Where a record contains a picture, omit the picture and repeat the rest exactly.

------

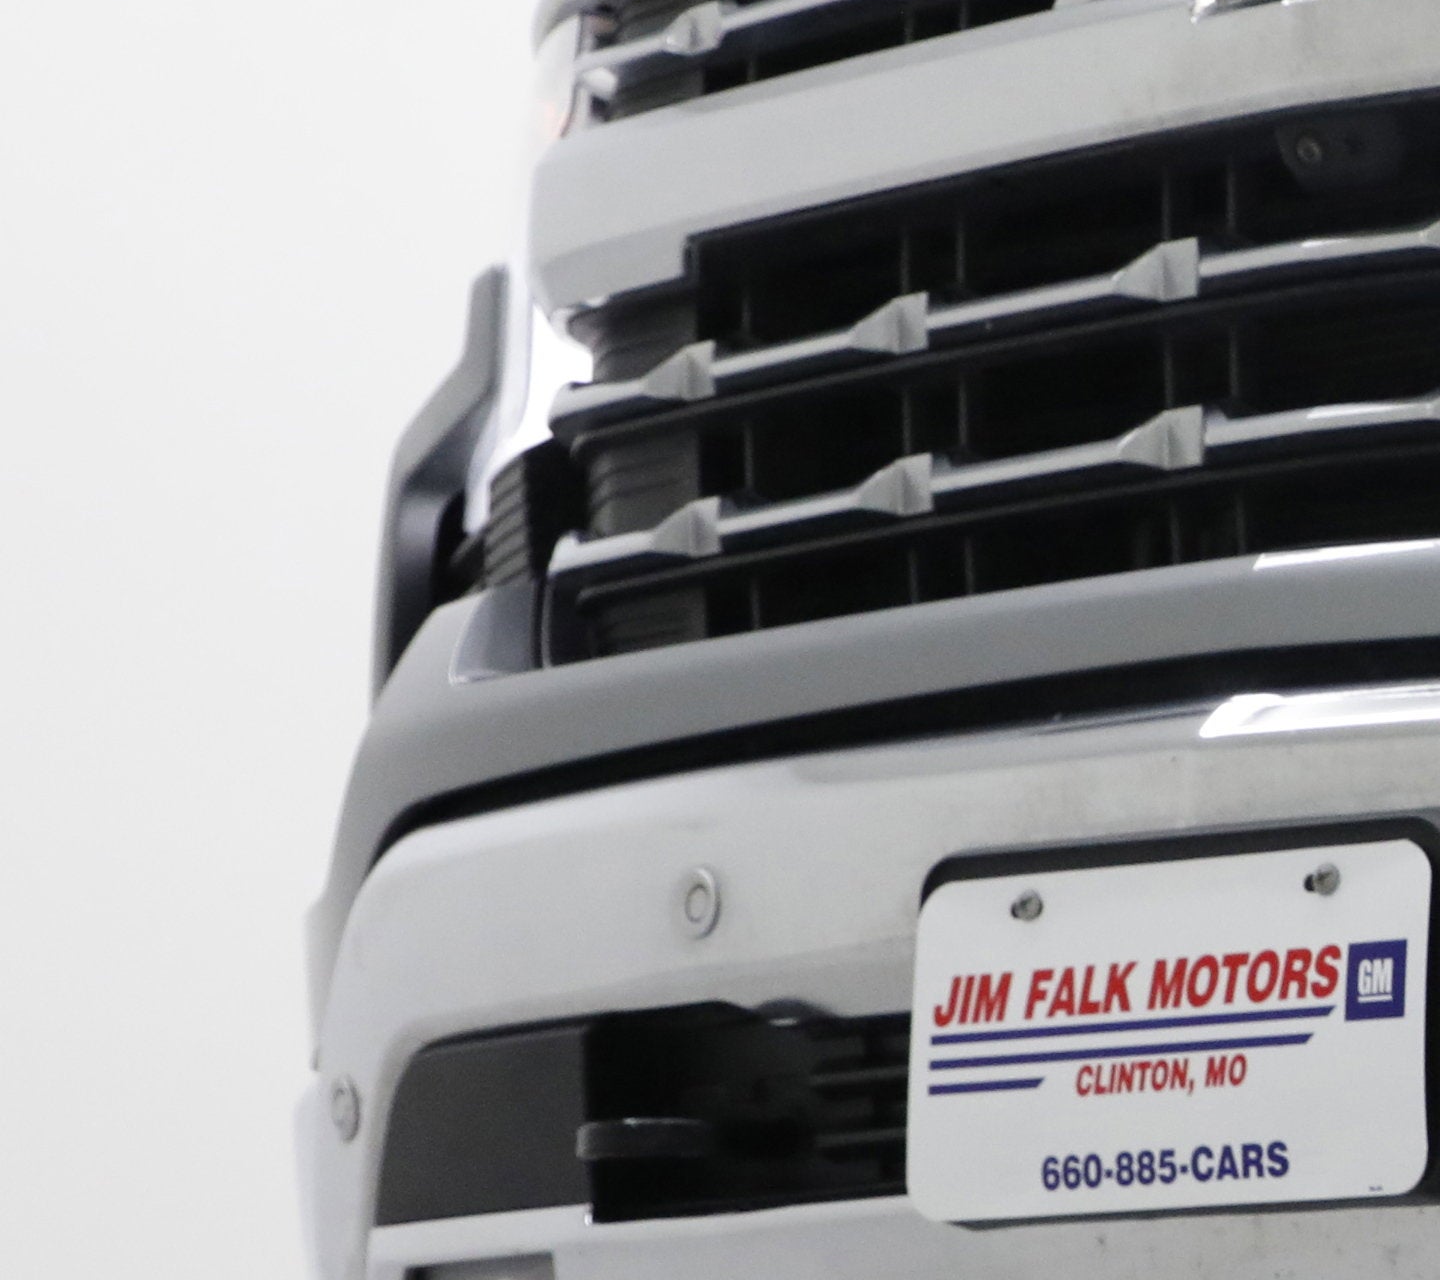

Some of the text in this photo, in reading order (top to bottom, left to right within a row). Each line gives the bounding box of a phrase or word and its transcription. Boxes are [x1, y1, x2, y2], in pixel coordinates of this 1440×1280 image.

[932, 944, 1342, 1027] JIM FALK MOTORS
[1357, 957, 1394, 998] GM
[1075, 1053, 1247, 1096] CLINTON, MO
[1041, 1141, 1290, 1190] 660-885-CARS
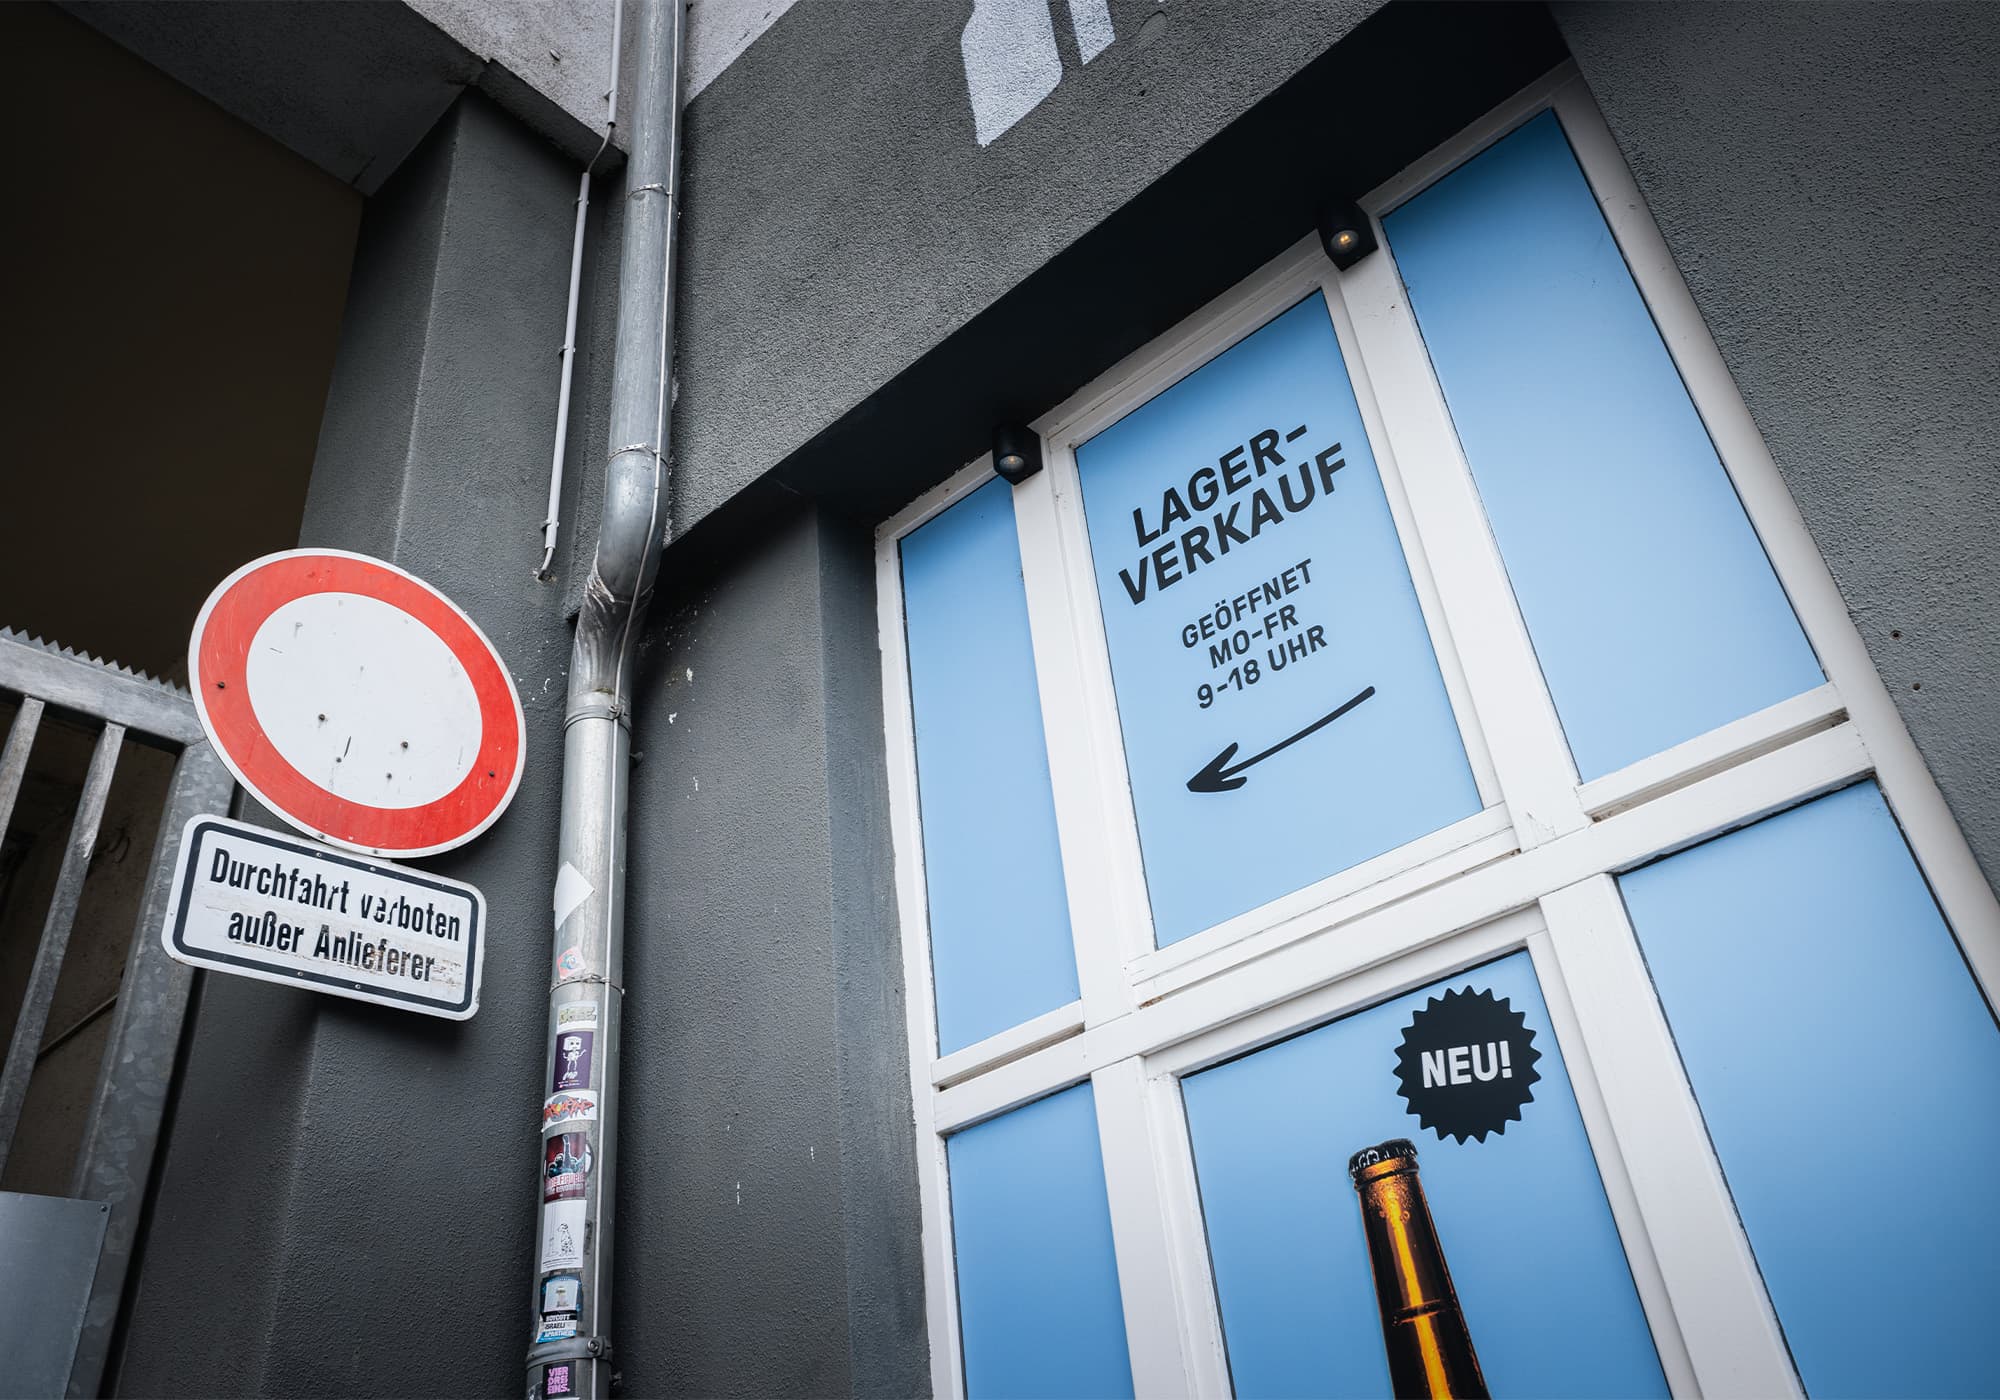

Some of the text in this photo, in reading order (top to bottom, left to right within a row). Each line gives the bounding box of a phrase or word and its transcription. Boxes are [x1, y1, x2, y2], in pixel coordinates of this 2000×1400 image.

[1118, 442, 1346, 606] VERKAUF
[1132, 423, 1308, 548] LAGER-
[1182, 558, 1312, 649] GEÖFFNET
[1208, 604, 1299, 669] MO-FR
[1197, 625, 1328, 709] 9-18 UHR
[210, 847, 460, 942] Durchfahrt verboten
[227, 910, 436, 982] außer Anlieferer
[1421, 1040, 1513, 1089] NEU!
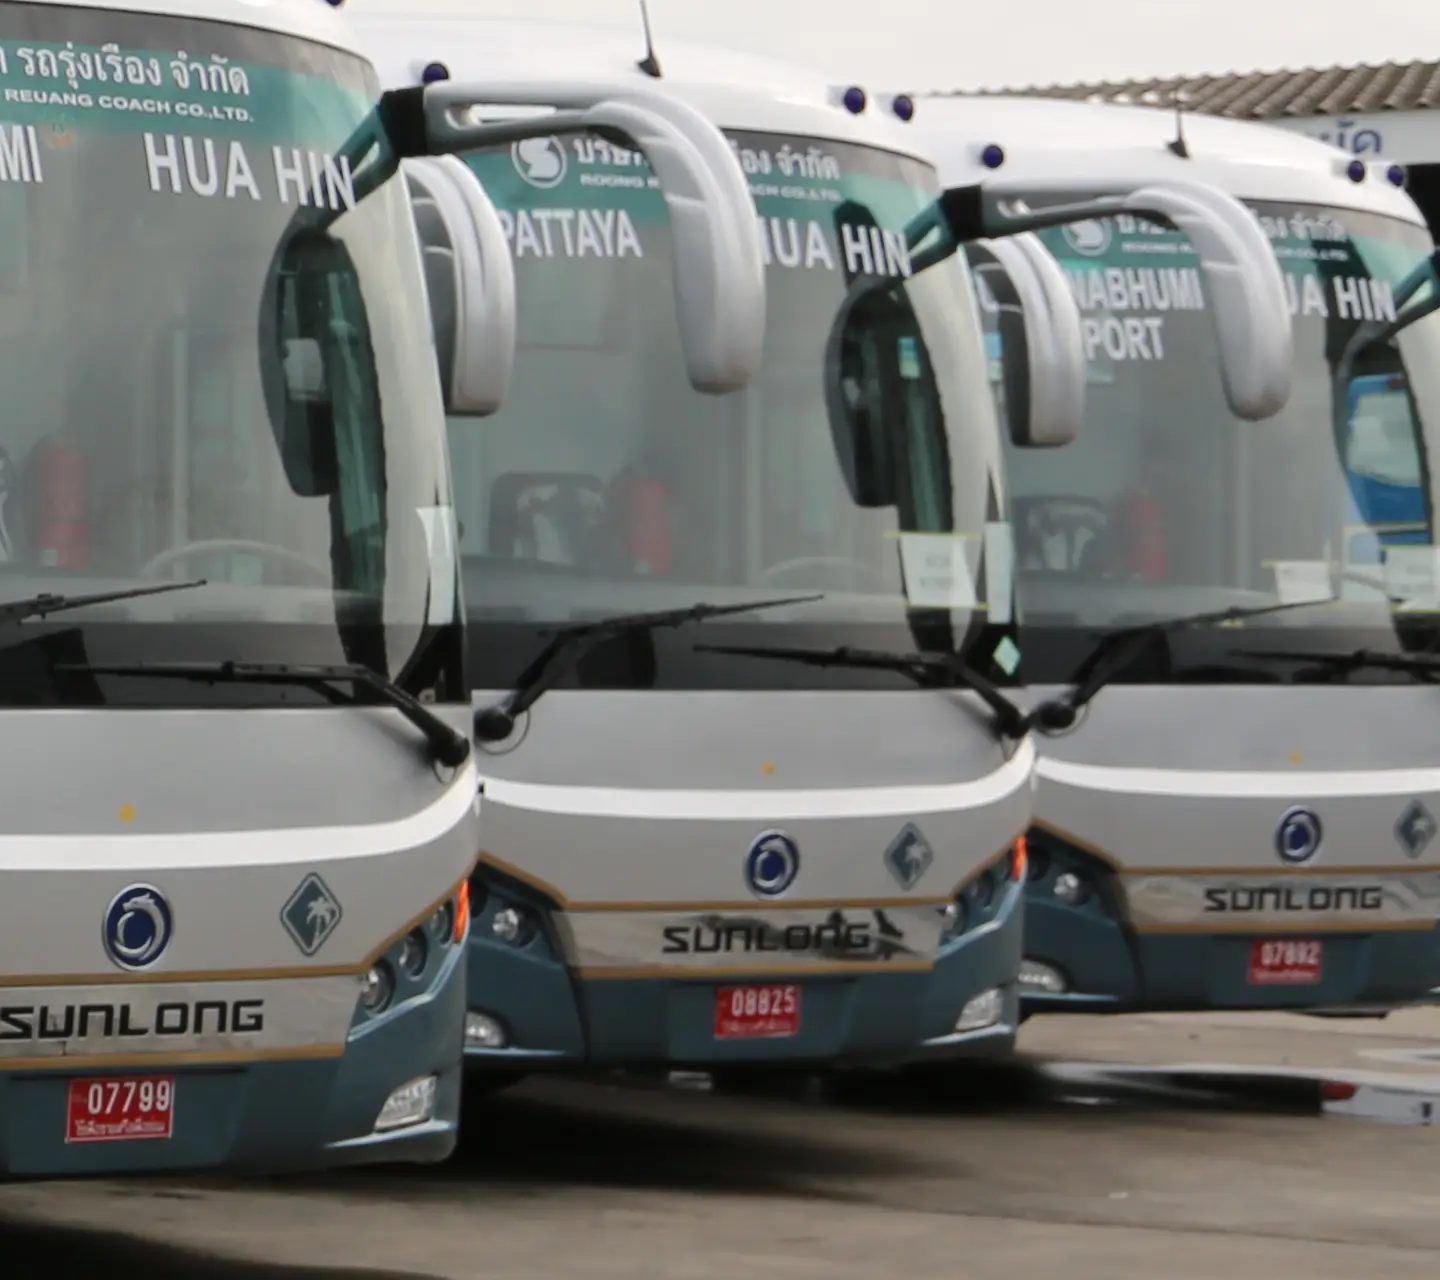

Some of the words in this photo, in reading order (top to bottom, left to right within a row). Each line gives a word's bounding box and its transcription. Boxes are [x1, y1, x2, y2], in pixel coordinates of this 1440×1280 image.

------

WRITTEN SOLUTION
Some of the text in this photo, in reading order (top to bottom, left to right within a row). Each line gives the bounding box of a phrase or word and its transcription. Boxes are [x1, y1, x2, y2], in pixel coordinates of this 1440×1280 image.

[932, 944, 1342, 1027] JIM FALK MOTORS
[1357, 957, 1394, 998] GM
[1075, 1053, 1247, 1096] CLINTON, MO
[1041, 1141, 1290, 1190] 660-885-CARS

Some of the text in this photo, in reading order (top to bottom, left to right within a row). Each line gives the bounding box of a phrase or word and its transcription. Boxes are [x1, y1, x2, y2], in pixel coordinates of this 2000×1400 image.

[1118, 442, 1346, 606] VERKAUF
[1132, 423, 1308, 548] LAGER-
[1182, 558, 1312, 649] GEÖFFNET
[1208, 604, 1299, 669] MO-FR
[1197, 625, 1328, 709] 9-18 UHR
[210, 847, 460, 942] Durchfahrt verboten
[227, 910, 436, 982] außer Anlieferer
[1421, 1040, 1513, 1089] NEU!

Some of the words in this photo, in reading order (top to bottom, left to right within a row). Each line gives a word's bounding box and its transcription. Boxes are [x1, y1, x2, y2], in pixel coordinates of this 1440×1280 image.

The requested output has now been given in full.